The Elvis Hallway


Elvis walking out of the Richmond Train Station, June 30, 1956. Photographer: Alfred Wertheimer

In Elvis at 21: New York to Memphis, photographer Alfred Wertheimer recounts his time spent with Elvis Presley over the course of a couple of weeks. He had been assigned to go follow the young rising rock star around. He had no idea who Elvis was, and was not in any way a fan. But the photos that Wertheimer ended up taking are some of the most famous photographs of Elvis in existence (the banner on my site being only one example). Access such as Wertheimer was given would be unheard of in a matter of months. These are the most intimate personal revealing photos of Elvis ever taken. (You can see many of them here.)

Wertheimer immediately realized that his “subject” was open to the camera in a way that was vulnerable and captivating.
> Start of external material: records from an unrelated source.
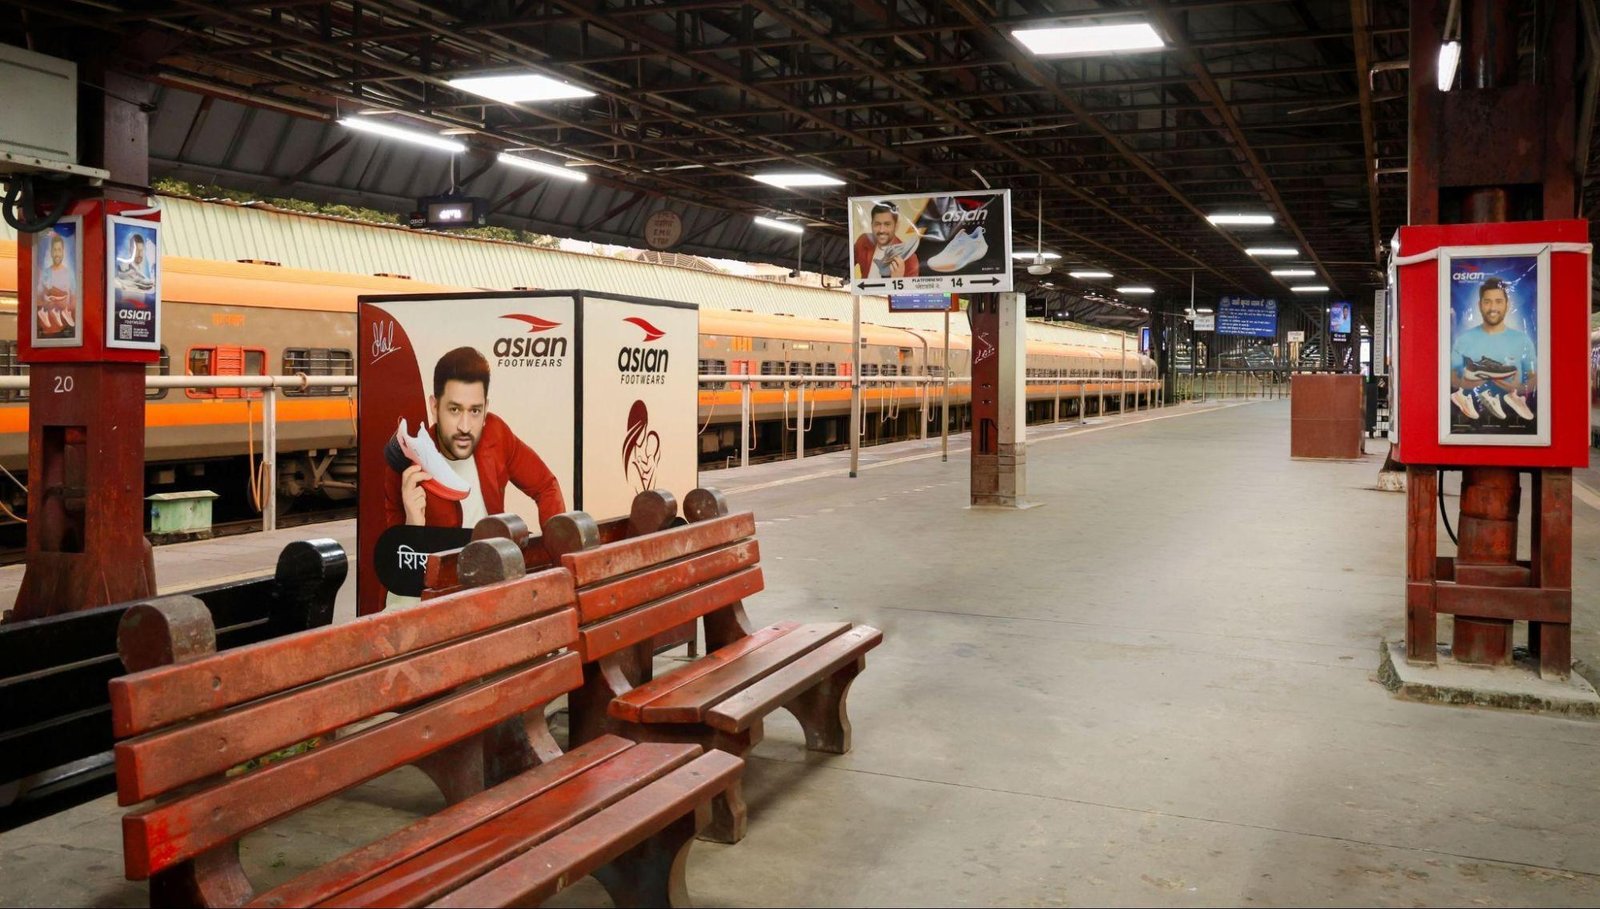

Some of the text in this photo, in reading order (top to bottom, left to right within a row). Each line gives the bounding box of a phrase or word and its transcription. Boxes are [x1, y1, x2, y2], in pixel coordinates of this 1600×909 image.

[942, 209, 988, 222] asian
[1452, 272, 1485, 280] asian
[892, 280, 904, 290] 15
[951, 278, 963, 288] 14
[119, 309, 151, 320] asian
[493, 337, 567, 357] asian
[498, 359, 562, 367] FOOTWEARS
[618, 346, 669, 373] asian
[54, 376, 74, 393] 20
[620, 374, 666, 385] FOOTWEARS
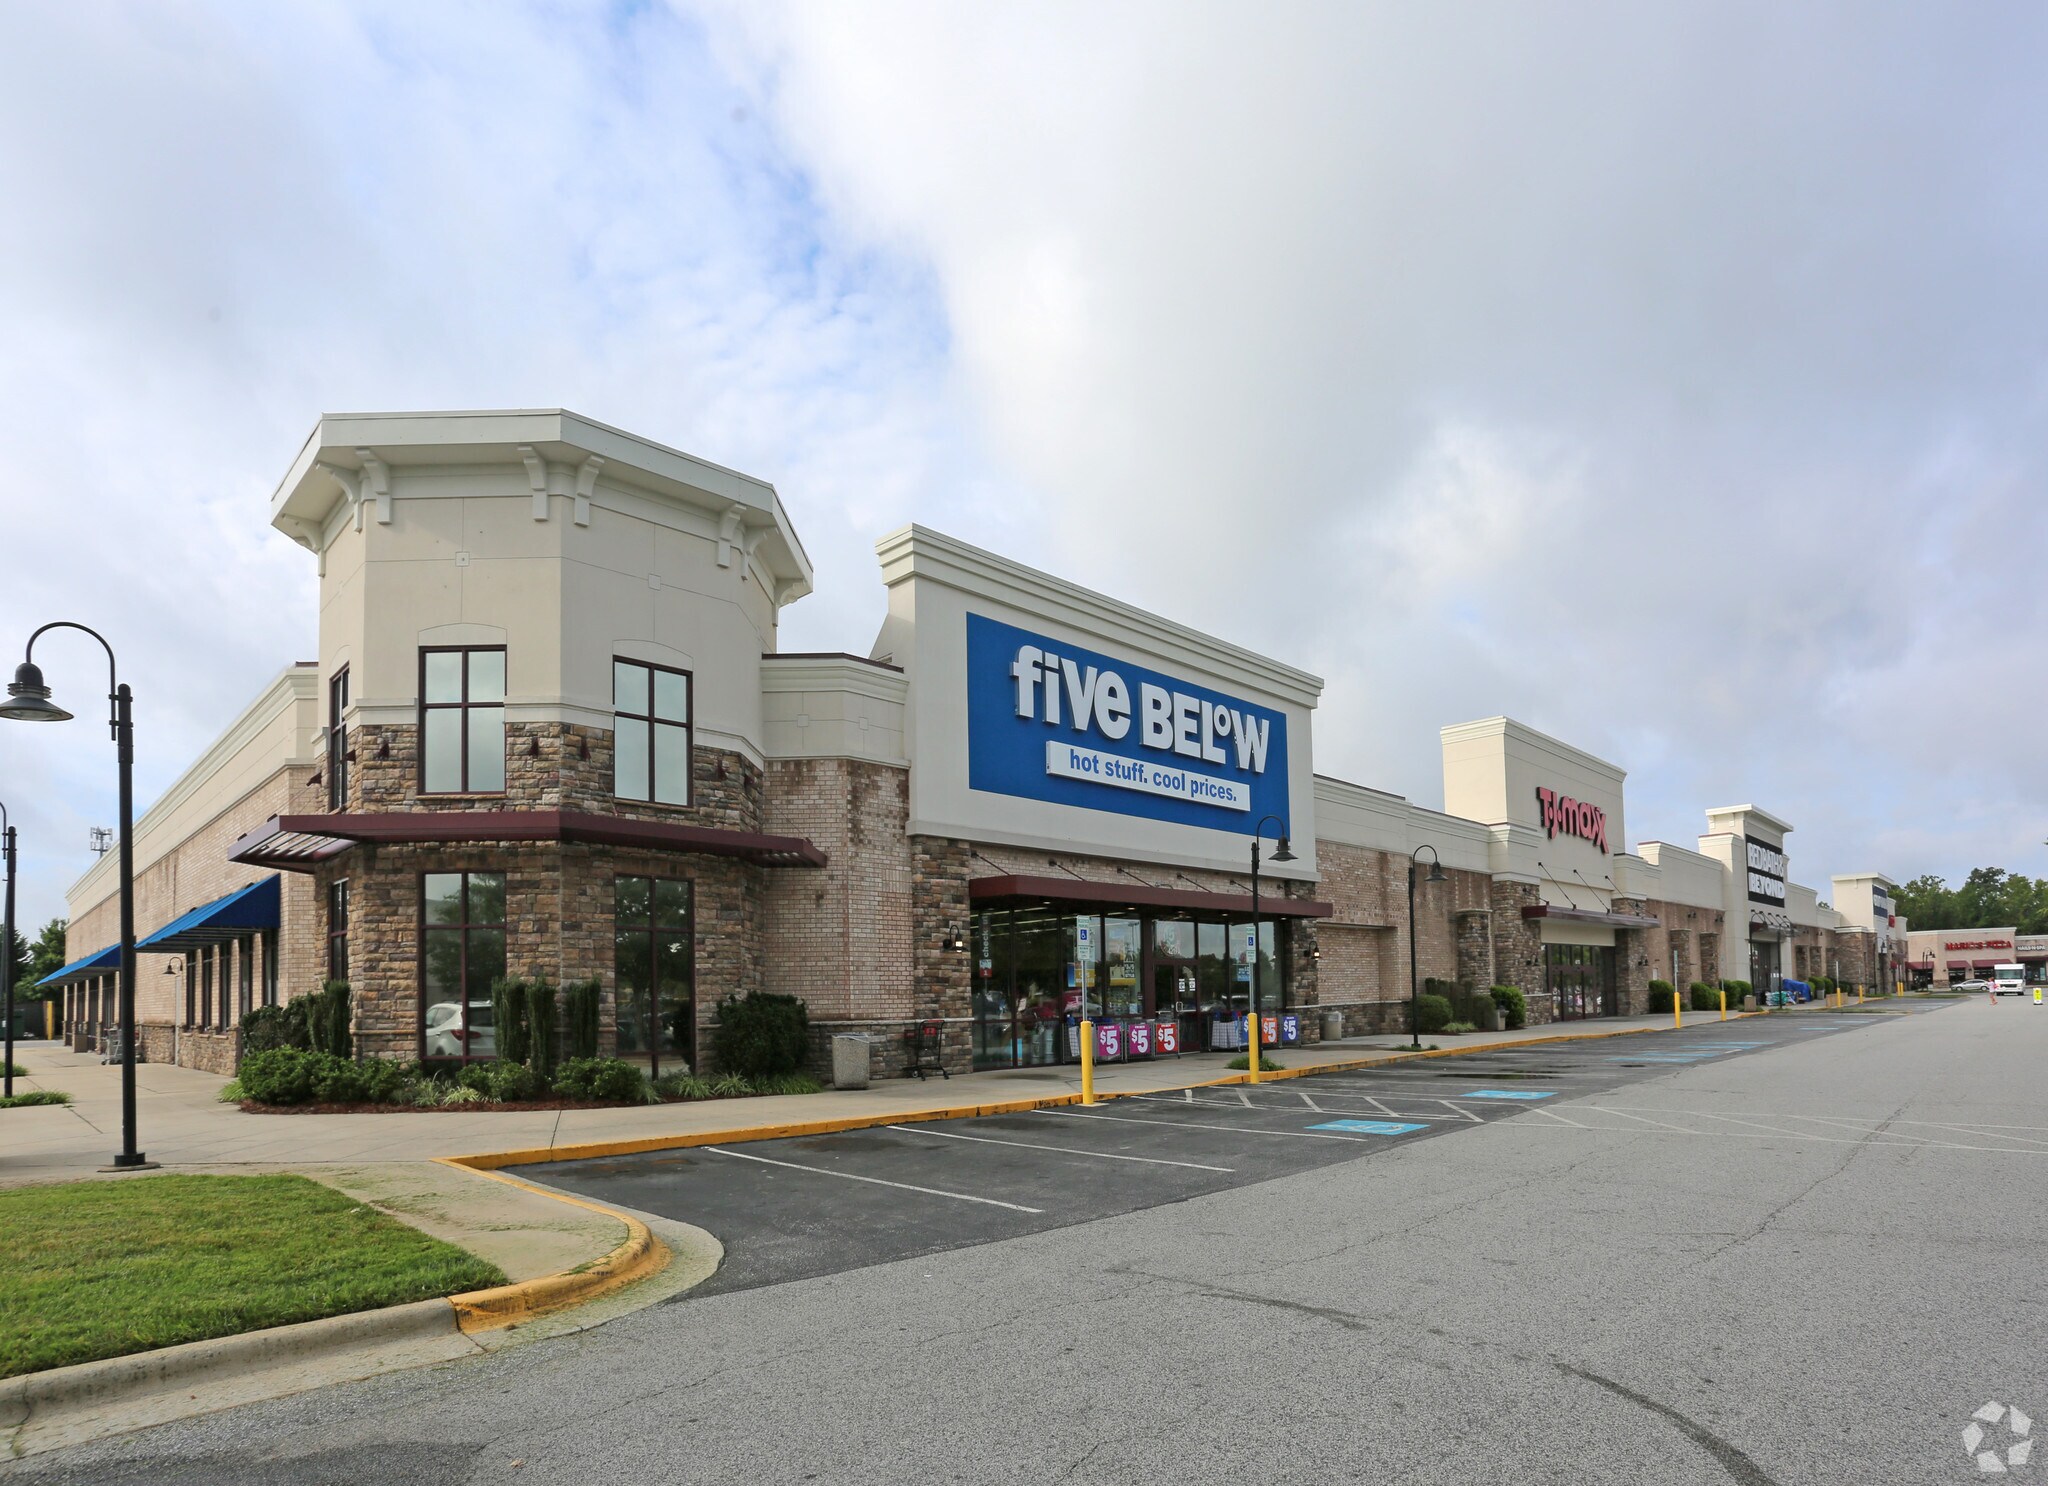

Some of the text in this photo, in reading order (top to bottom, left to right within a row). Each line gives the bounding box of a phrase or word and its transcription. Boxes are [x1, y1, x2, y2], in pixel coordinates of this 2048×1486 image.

Elvis let Wertheimer follow him around. They first met in March of 1956, when Elvis was in New York, appearing on the Dorsey Brothers’ Stage Show. He stayed at the Warwick Hotel. Wertheimer followed Elvis around. Elvis went clothes shopping (what a surprise). He ate at a diner and flirted up the waitress to such a degree that there are photos of Elvis with his arm around her, as she stands by the table taking his order. Elvis is not protected. He sees no reason to put on a pose for the camera. He seemed to take it in stride. He fell asleep in Wertheimer’s presence, for example. He let Wertheimer take pictures of him shaving, brushing his teeth. Elvis was a busy boy in the spring of 1956. He traveled by train (because his mother requested him not to fly, and Elvis also had a very scary experience on a flight when the plane ran out of fuel and had to make an emergency landing, which pretty much frightened him of flying for all time). He had just bought the house on Audobon Drive in Memphis, and his parents, grandmother, and a couple of cousins moved in. He traveled to and from New York by train. Wertheimer was with him the whole way. Elvis is aware of the camera, and yet relaxed and comfortable. He presents himself nakedly to the camera. That was one of the things that Wertheimer thought was so extraordinary about him, and why Elvis made such a good subject. One of the best.
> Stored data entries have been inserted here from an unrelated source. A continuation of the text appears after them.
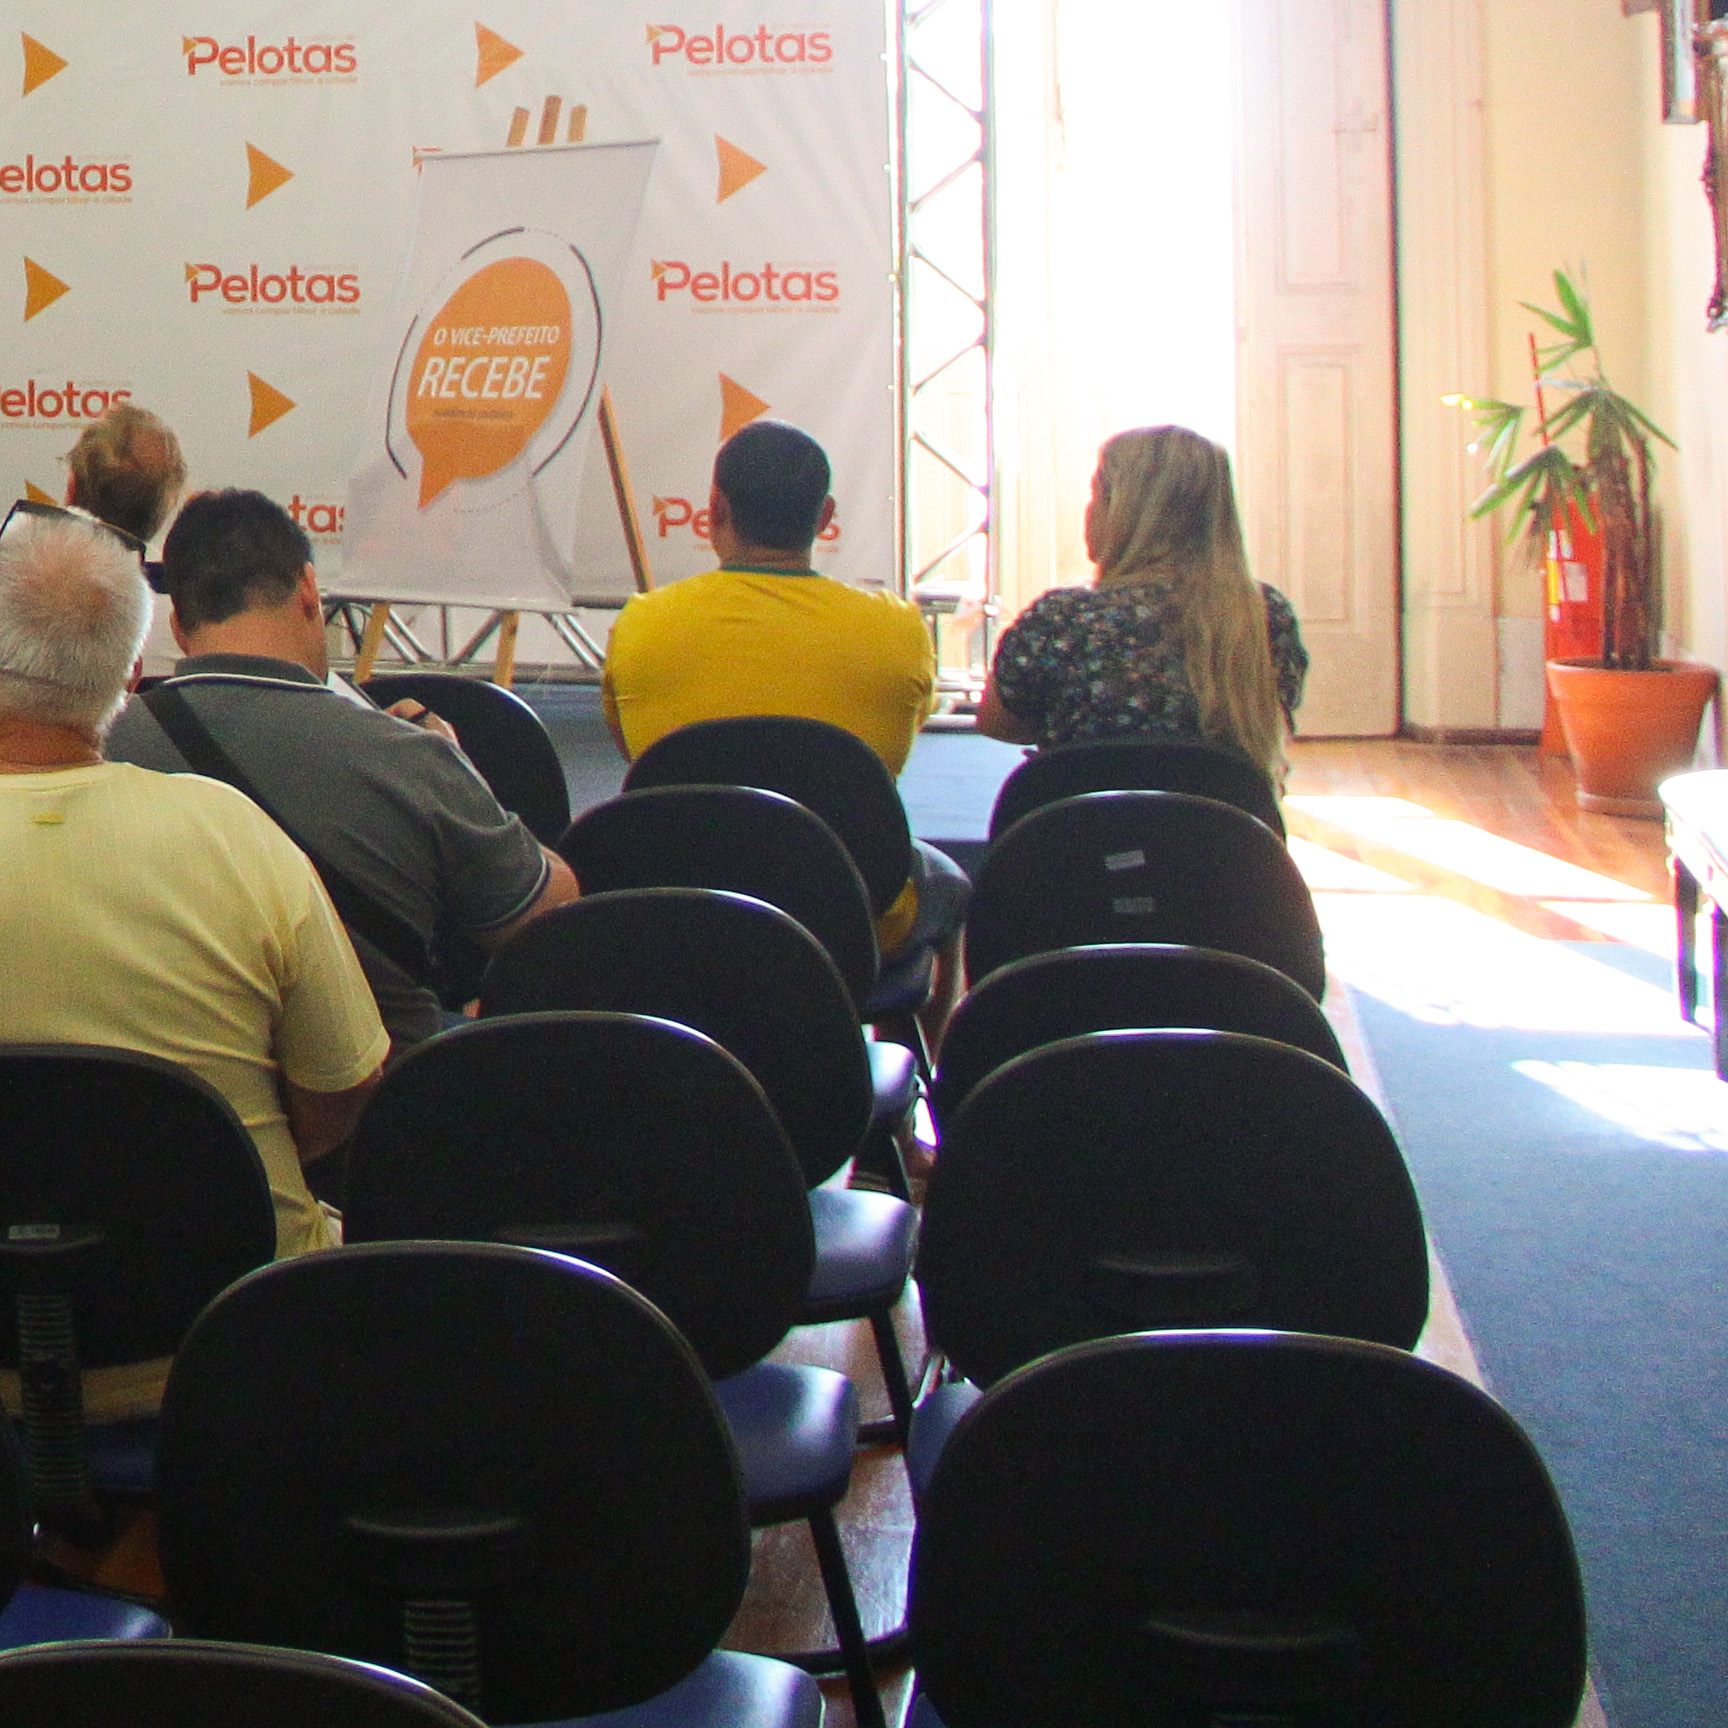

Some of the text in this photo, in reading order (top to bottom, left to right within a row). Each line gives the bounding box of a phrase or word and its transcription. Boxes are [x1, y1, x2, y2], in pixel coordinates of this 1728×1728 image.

[181, 35, 358, 76] Pelotas
[646, 23, 834, 66] Pelotas
[184, 263, 361, 304] Pelotas
[650, 259, 841, 303] Pelotas
[433, 326, 561, 346] O VICE-PREFEITO
[417, 355, 552, 399] RECEBE
On June 29th, 1956, Elvis traveled to New York for a rehearsal for the Steve Allen Show (which would eventually become notorious, because Steve Allen put Elvis in a tuxedo and made him sing “Houng Dog” to an actual hound dog. Elvis said later, years later, that it was the worst moment of his career.) Rehearsal over, Elvis got back on the train (he was with his cousin) and traveled down to Richmond, Virginia, where he was playing a show at the Mosque Theatre.

The day after the show, he’d get back on the train, go back up to New York, to appear on the Steve Allen Show.

Elvis was in Richmond for 24 hours. He got off at the train station. He checked into his hotel. Suddenly, a girl is hanging out with him. Where did she come from? Had he called ahead to set up a date with her, or …. Wertheimer never got her name. She is just “the girl”. The girl who hung out with Elvis all day. Well, now we know the story, and now we know who that mystery girl (the one in the banner) is. So. She hung out with Elvis for the day. They ate lunch. They went to the Mosque Theatre. The two of them flirted and kissed in the stairwell. Elvis did his show. Signed autographs. Then headed back to New York. Trip over.

Wertheimer documented it all.

The Wertheimer photographs have been traveling the world in an exhibit called “Elvis at 21: Photographs by Alfred Wertheimer”. The exhibit is now in Richmond, at the Virginia Museum of Fine Arts. Elvis toured many cities. He was nonstop on-the-go from late 1954 until 1957. He played every little and big town in the South, Southwest, Southeast, and even up north. But nowhere, in no other town, is there as MUCH documentation as this one random show in Richmond in 1956. And apparently, Barbara Gray, the woman in the banner photo, was there as a special guest when the exhibit opened in Richmond. So it’s all come full circle.

The Richmond photos coming home to Richmond.

I want to point you in the direction of a fascinating series of blog-posts called “In Search of Elvis in Richmond”. The launching-off point is the photo at the top of this post: Elvis leaving the train station. You can see that there is already a natural wiggle to his walk, just in that sauntering photo. And he is carrying a little radio in his hand, which was playing music. An early version of a boom-box.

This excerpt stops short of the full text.